2006 RESEARCH NEWS
Evaporite basins, orbital tilt, and the geomagnetic axial-dipolar field
Evans, D.A.D., Proterozoic low orbital obliquity and axial-dipolar geomagnetic field from evaporite palaeolatitudes. Nature 444, 51-55 (2006); doi: 10.1038/nature05203
Two fundamental uncertainties have lingered over the problem of Proterozoic low-latitude glaciation. First, if Earth had a large (>54°) orbital obliquity (or tilt) at that time, the equator-to-pole temperature gradient would have been reversed, making tropical areas most susceptible to glaciation. Tropical glaciation would not indicate an extreme climate. Second, if the geomagnetic field had large non-dipolar (e.g., quadrupole, octupole) components, glacial deposits would have actually formed at higher paleolatitudes than inferred from paleomagnetic inclination data under the conventional assumption of a pure dipole field. One way to test both possibilities is through paleomagnetically-determined paleolatitudes of large-scale evaporite basins (e.g., basins containing deposits of salt, gypsum, potash salts, or their pseudomorphosed equivalents), which form in the subtropical arid zones under the descending limbs of the Hadley cells. (Exactly 50 years ago, the distribution of Phanerozoic evaporites was successfully used as an early test of continental drift. See E. Irving, Palaeomagnetic and palaeoclimatological aspects of polar wandering. Geofisica
Pura e Applicada 33 (1956) 23-41.) In a recent article in the journal Nature, David A. D. Evans of Yale University has compiled the record of paleomagnetically-constrained evaporite basins back to 2.25 Ga (early Paleoproterozoic), four times longer than any previous compilation.

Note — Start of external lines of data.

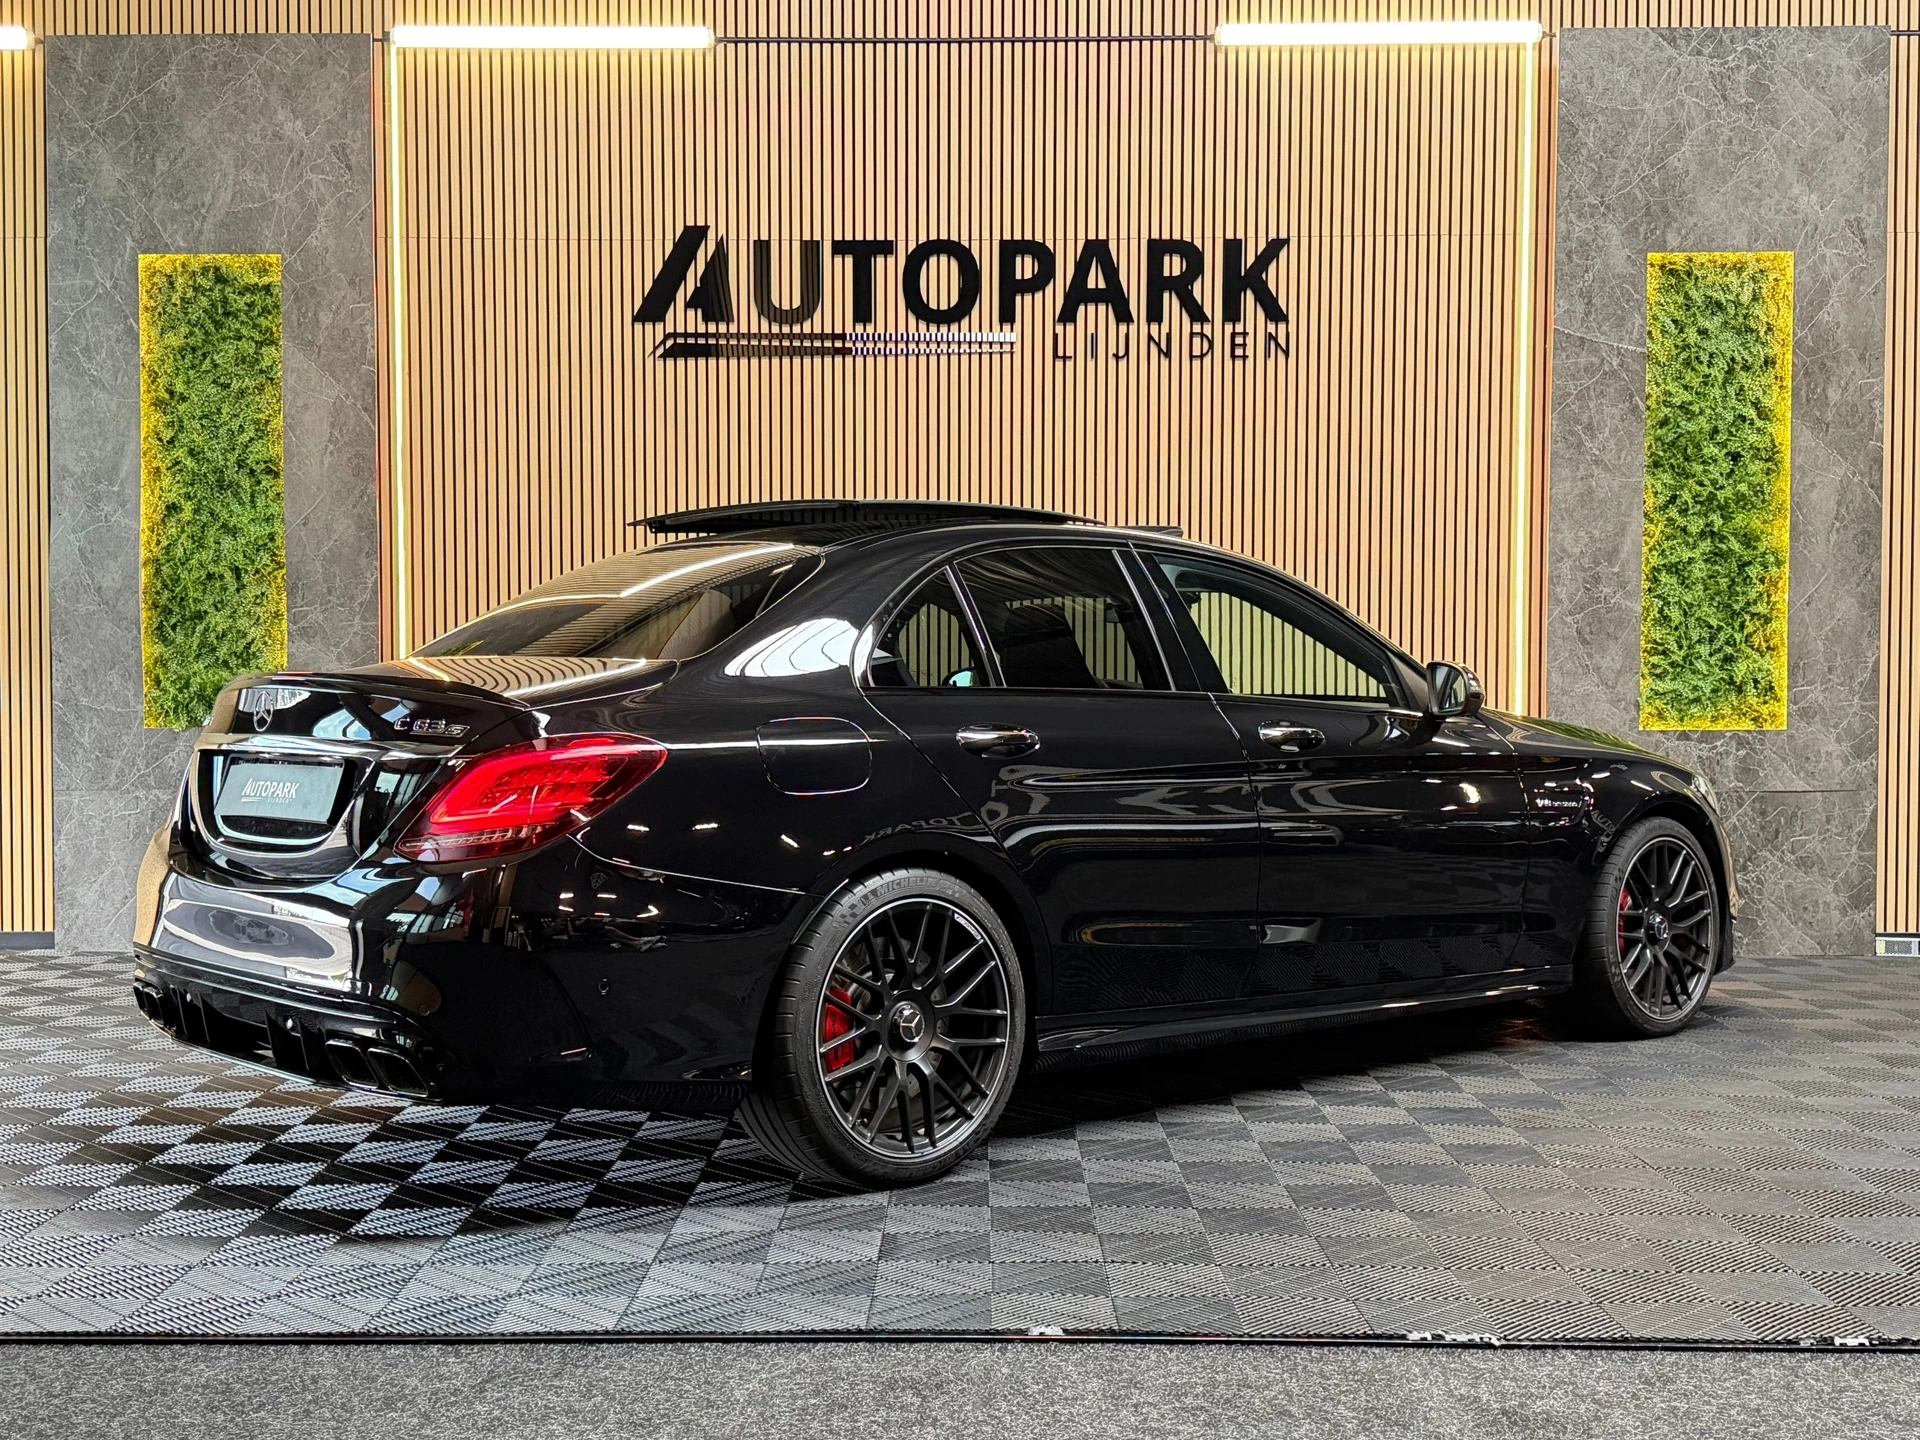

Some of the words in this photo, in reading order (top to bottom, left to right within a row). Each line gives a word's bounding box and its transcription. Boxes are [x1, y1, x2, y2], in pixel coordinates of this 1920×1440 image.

[632, 225, 1290, 325] AUTOPARK
[1055, 331, 1290, 361] LIJNDEN
[241, 778, 300, 799] AUTOPARK
[876, 876, 939, 897] MICHELIN
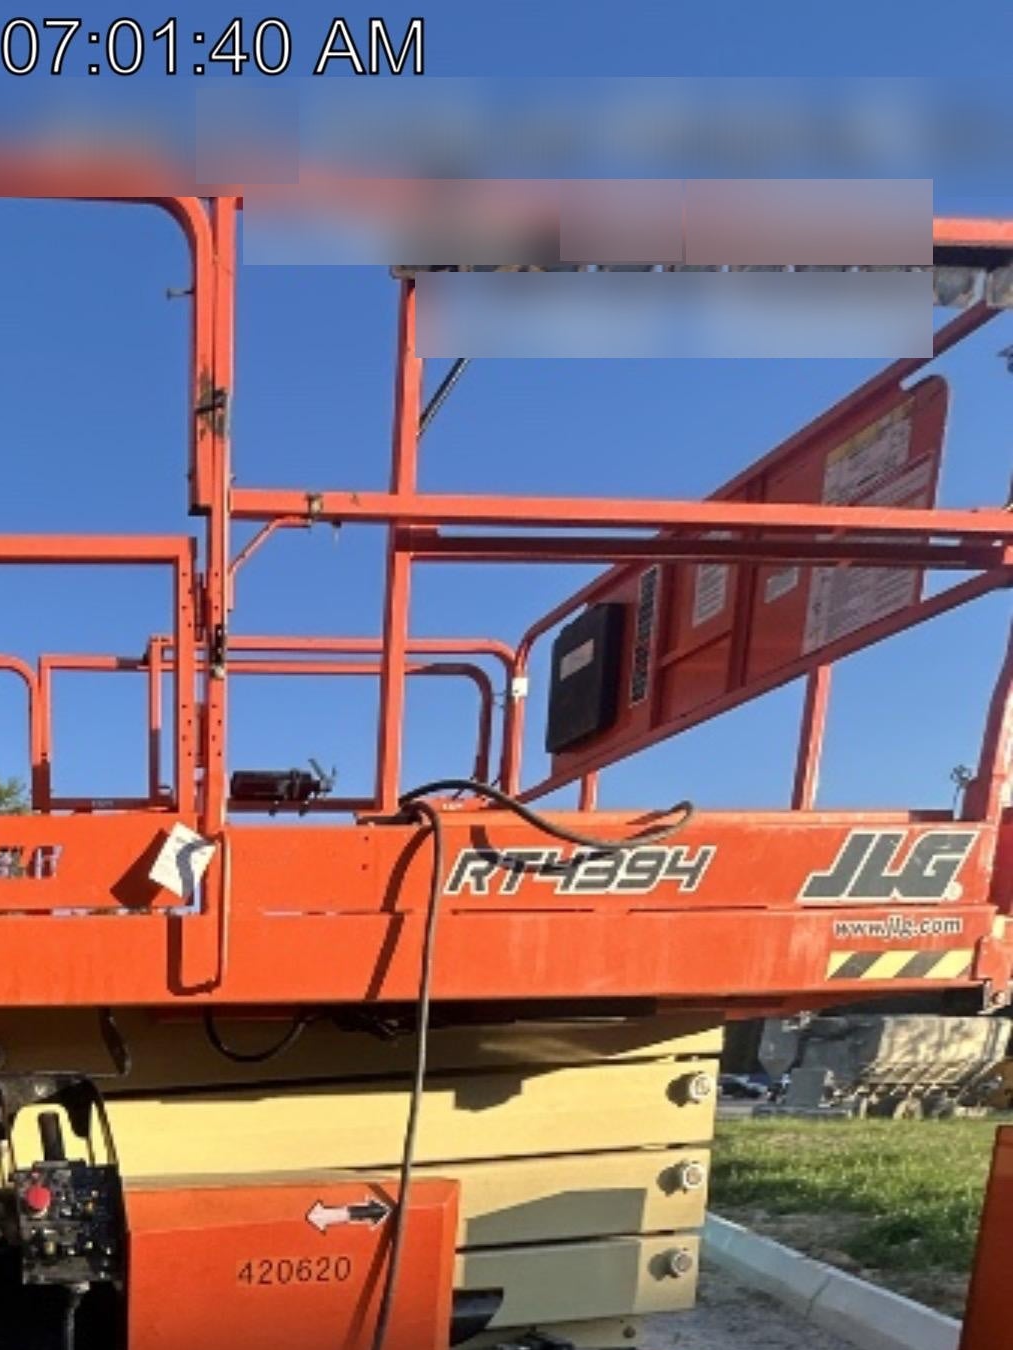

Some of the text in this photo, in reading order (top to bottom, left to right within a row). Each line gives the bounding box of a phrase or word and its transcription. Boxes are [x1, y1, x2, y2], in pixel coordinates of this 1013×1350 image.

[445, 845, 717, 895] RT4394
[797, 829, 979, 903] JLG
[835, 915, 962, 938] www.jlg.com
[238, 1256, 351, 1285] 420620
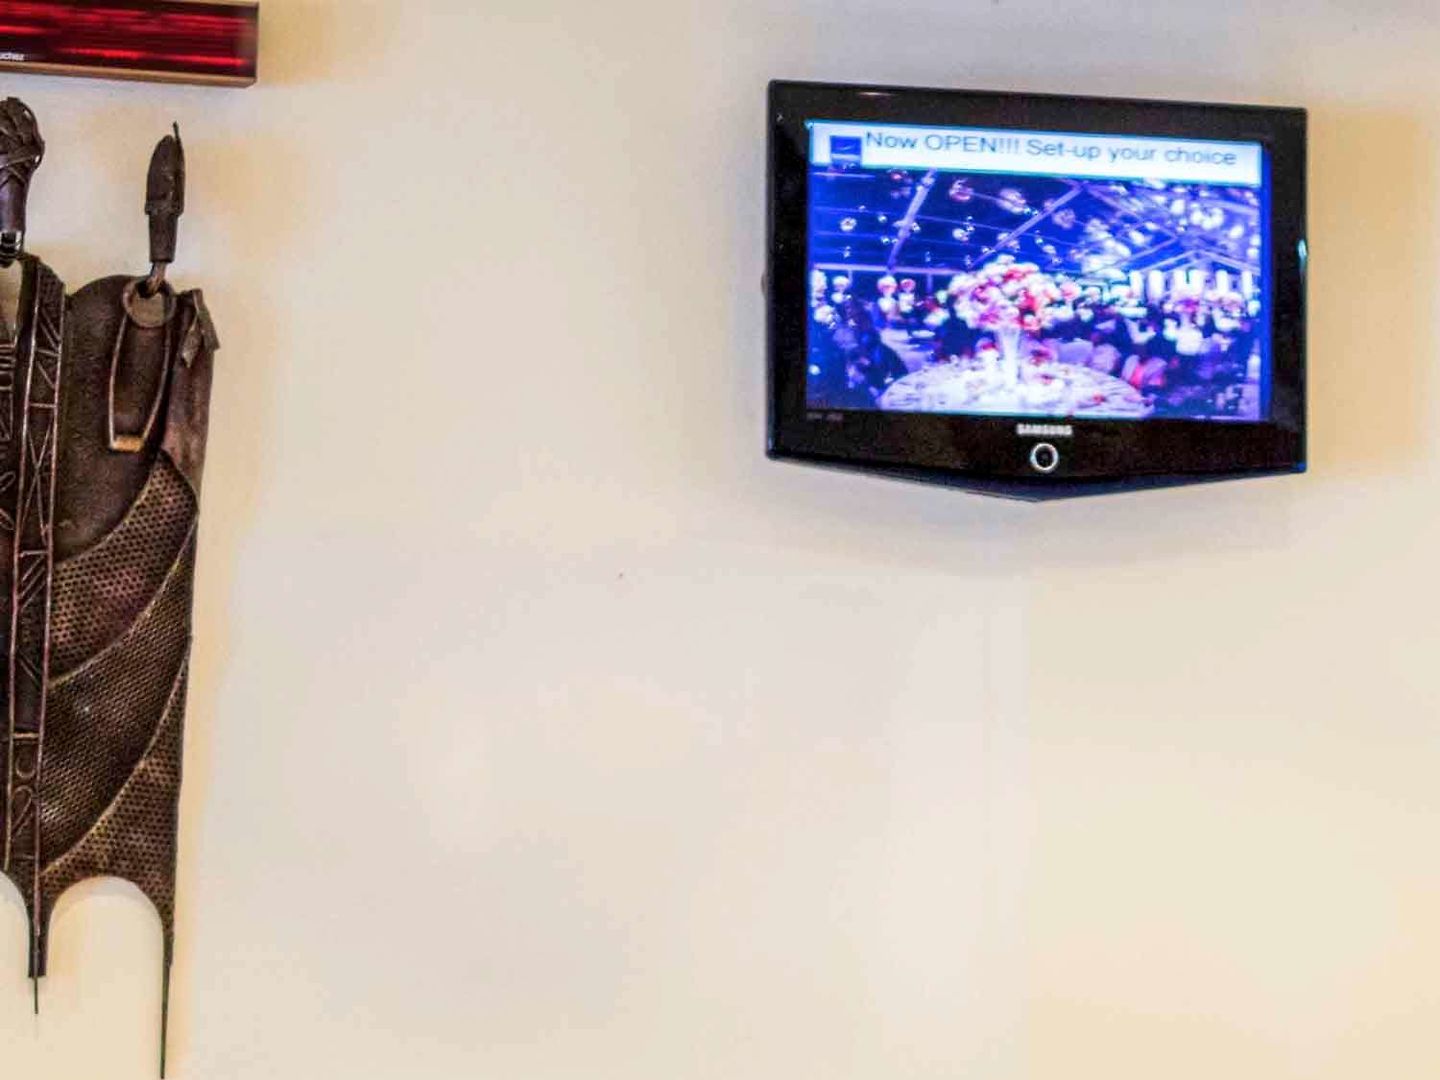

Proterozoic evaporite basins have a statistically significant volume-weighted concentration in the paleo-subtropics, slightly (~6°) equatorward of the mean paleolatitude for the last 250 Ma. This falsifies the predicted equatorial disposition of evaporite basins if the Proterozoic Earth had had a large orbital obliquity. (Obliquity cannot switch back and forth between large and small angles because the latter are stabilized by the Moon's gravitational attraction on the Earth's equatorial bulge.) Therefore, low-latitude glacial episodes cannot be attributed to a reversed climatic gradient. The slightly-lower mean paleolatitude of Proterozoic evaporite basins, compared with the Mesozoic-Cenozoic, could reflect a broadening of the Hadley cells with time, due to slowing of the Earth's rotation rate. Alternatively, it could mean there were minor non-dipolar components (e.g., <15% octupole) in the Proterozoic geomagnetic field. Somewhat larger components (<20% octupole) are possible in the interval between 550 and 370 Ma (late Ediacaran through late Devonian), when the mean paleolatitude of evaporite basins was ~9° lower than in the Mesozoic-Cenozoic. The non-dipole components would have an equatorward biasing effect on the paleolatitudes of Proterozoic glaciation, but not enough to substantially alter the climatological problem of low-latitude glaciation.
A large isotope anomaly before the Sturtian glaciation
McClay, G.A., Prave, A.R., Alsop, G.I., and Fallick, A.E., 2006. Glacial trinity: Neoproterozoic Earth history within the British-Irish Caledonides. Geology 34, 909-912; doi: 10.1130/G22694A.1
A third glacigenic formation and associated post-glacial cap dolostone have
been found in the Dalradian Supergroup of the Irish-Scottish Caledonides
(McClay et al., 2006). The Stralinchy-Reelan formations, composed of diamictite
and ice-rafted debris, lie stratigraphically between the previously-known
Port Askaig Tillite and the Inishowen-Loch na Cille ice-rafted debris beds.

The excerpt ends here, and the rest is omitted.